优选地,所述PCR扩增的反应程序为:94℃预变性4min;94℃变性30s,58℃退火30s,72℃延伸30s,30个循环;72℃再延伸7min,4℃保存。
与现有技术相比,本发明具有如下有益效果:
本发明对分布于不同染色体的40个微卫星标记进行分析,筛选得到10个特异性好、等位基因数目多且在吉富罗非鱼品系群体中具有高多态性的标记。基于这10个SSR标记,本发明设计合成了10对不同的SSR标记引物组,通过条件优化,最终建立了一种基于毛细管电泳四色荧光基因分型技术的包含10对SSR标记引物组的亲子鉴定试剂盒,并成功应用于吉富罗非鱼亲子鉴定的分析。

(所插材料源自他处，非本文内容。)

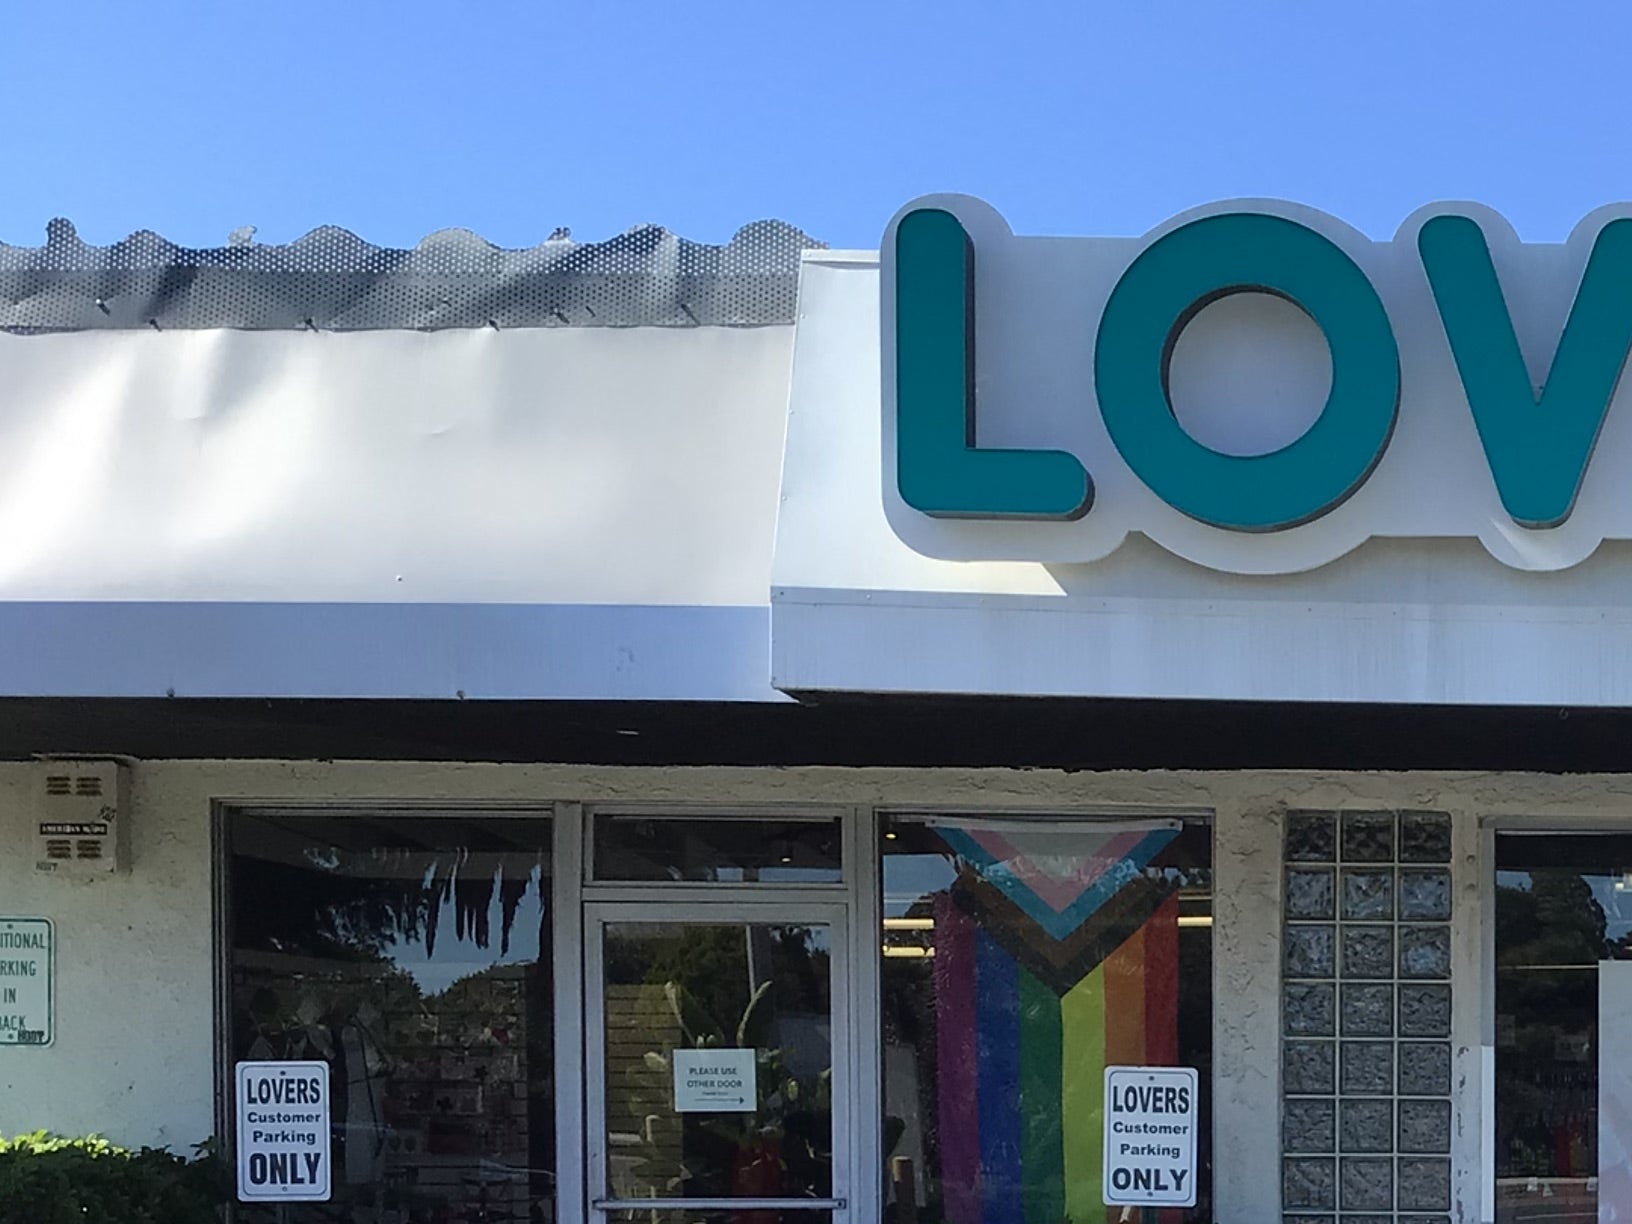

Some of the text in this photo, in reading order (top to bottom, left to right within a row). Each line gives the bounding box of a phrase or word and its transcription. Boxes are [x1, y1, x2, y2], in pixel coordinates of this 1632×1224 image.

本发明的亲子鉴定试剂盒利用不同荧光标记引物进行PCR扩增,将多个PC R产物混合测定基因型数据,从而达到在一个测序反应中得到多个基因型数据进行吉富罗非鱼亲子鉴定,大大减少了测序所花的时间和成本。本发明提供的吉富罗非鱼亲子鉴定试剂盒具有简便、可靠、低成本及高通量的优点,在吉富罗非鱼新品系选育中具有广泛的应用前景。
附图说明
图1是SSR标记UNH719、GM222、GM526、UNH207和GM560的聚苯烯酰胺凝胶电泳图(M表示Marker)。
图2是SSR标记UNH911、UNH166、GM276、UNH942和UNH974的聚苯烯酰胺凝胶电泳图(M表示Marker)。
图3是2个吉富罗非鱼样本FAM荧光标记的毛细管电泳基因分型示图。
图4是2个吉富罗非鱼样本HEX荧光标记的毛细管电泳基因分型示图。
图5是2个吉富罗非鱼样本TAMRA荧光标记的毛细管电泳基因分型示图。
图6是2个吉富罗非鱼样本ROX荧光标记的毛细管电泳基因分型示图。
具体实施方式
下面结合说明书附图和具体实施例对本发明作出进一步地详细阐述,所述实施例只用于解释本发明,并非用于限定本发明的范围。下述实施例中所使用的试验方法如无特殊说明,均为常规方法;所使用的材料、试剂等,如无特殊说明,为可从商业途径得到的试剂和材料。
实施例1吉富罗非鱼亲子鉴定SSR标记的筛选
一、实验方法
1、样品来源及DNA提取
在广东冠利达海洋生物有限责任公司养殖基地自繁的F1代及F2代耐盐吉富罗非鱼品系中进行取样。剪取鳍条样品置于无水乙醇中,于4℃保存。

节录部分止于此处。